TASK BRIEF>
The records below are to be restated word for word, with their images omitted.

Excerpts from a dataset>
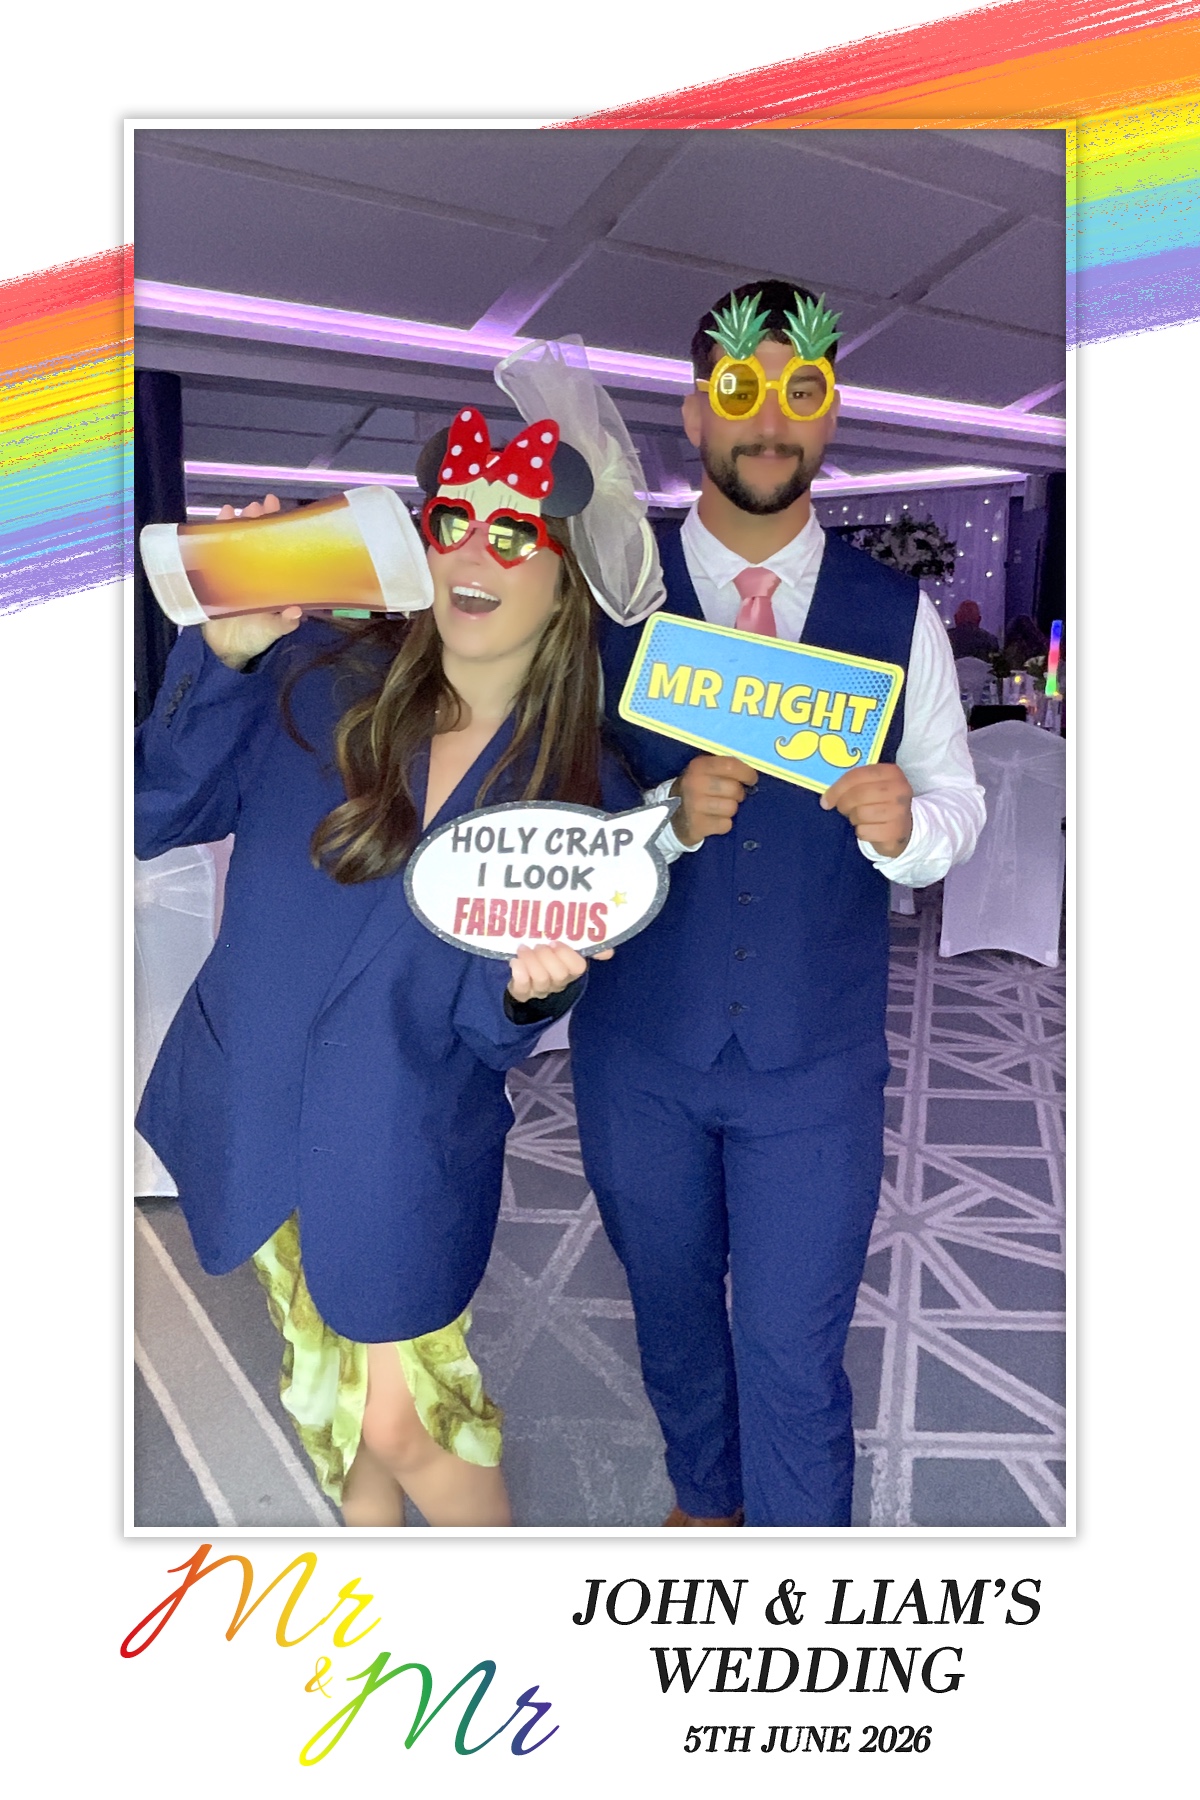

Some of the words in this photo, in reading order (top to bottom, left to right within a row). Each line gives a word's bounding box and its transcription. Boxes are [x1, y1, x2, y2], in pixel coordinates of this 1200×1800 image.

[648, 661, 724, 709] MR
[730, 675, 878, 734] RIGHT
[451, 825, 538, 854] HOLY
[545, 827, 634, 857] CRAP
[477, 862, 488, 887] I
[504, 864, 595, 892] LOOK
[453, 897, 608, 942] FABULOUS
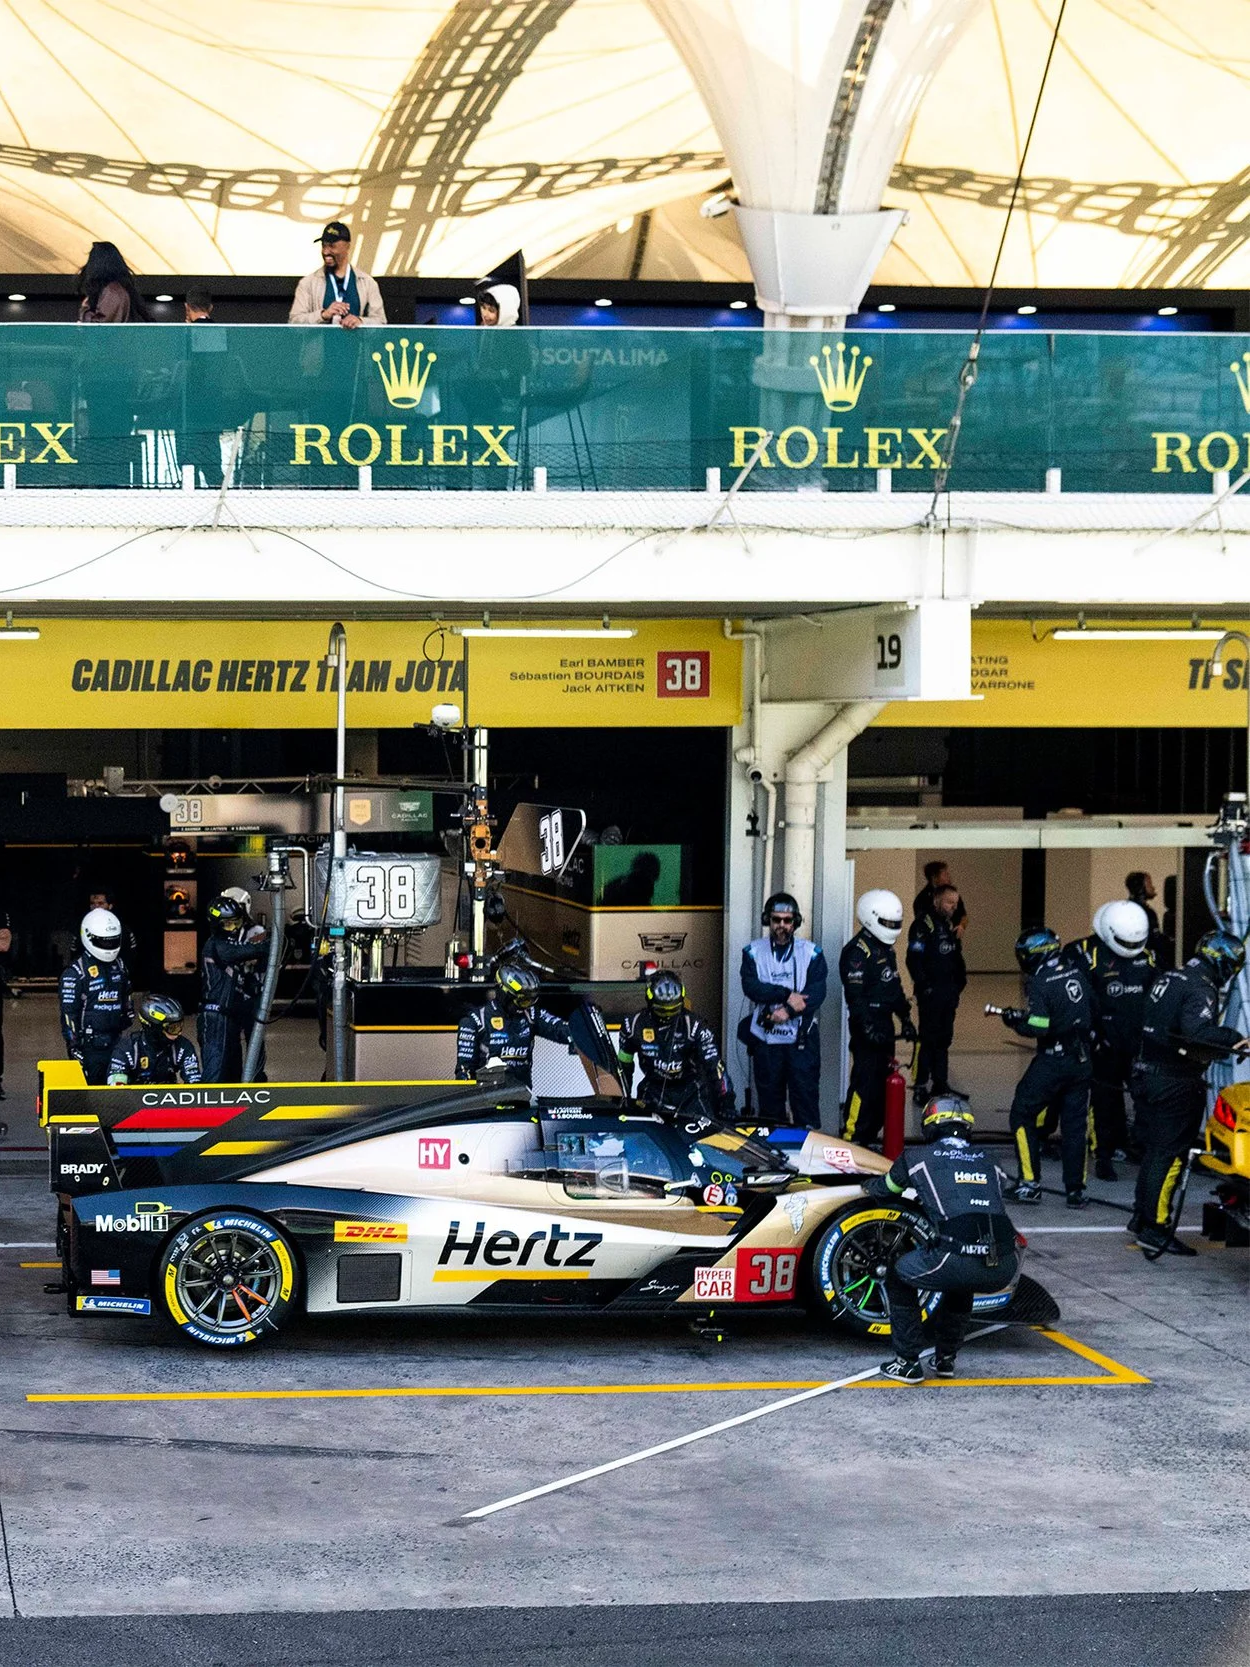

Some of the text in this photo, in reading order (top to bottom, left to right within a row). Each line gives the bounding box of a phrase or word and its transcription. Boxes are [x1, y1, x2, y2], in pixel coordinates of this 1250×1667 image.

SOLUTION FOR THIS PROBLEM>
Some of the words in this photo, in reading order (top to bottom, left to right within a row). Each line gives a word's bounding box and its transcription. Boxes are [x1, y1, x2, y2], in pixel coordinates of this 1200×1800 image.

[648, 661, 724, 709] MR
[730, 675, 878, 734] RIGHT
[451, 825, 538, 854] HOLY
[545, 827, 634, 857] CRAP
[477, 862, 488, 887] I
[504, 864, 595, 892] LOOK
[453, 897, 608, 942] FABULOUS

Some of the text in this photo, in reading order (top to bottom, left to right within a row). Each line gives the bounding box of a phrase or word and its transcription. Boxes are [x1, y1, x2, y2], in pixel coordinates of this 1250×1667 image.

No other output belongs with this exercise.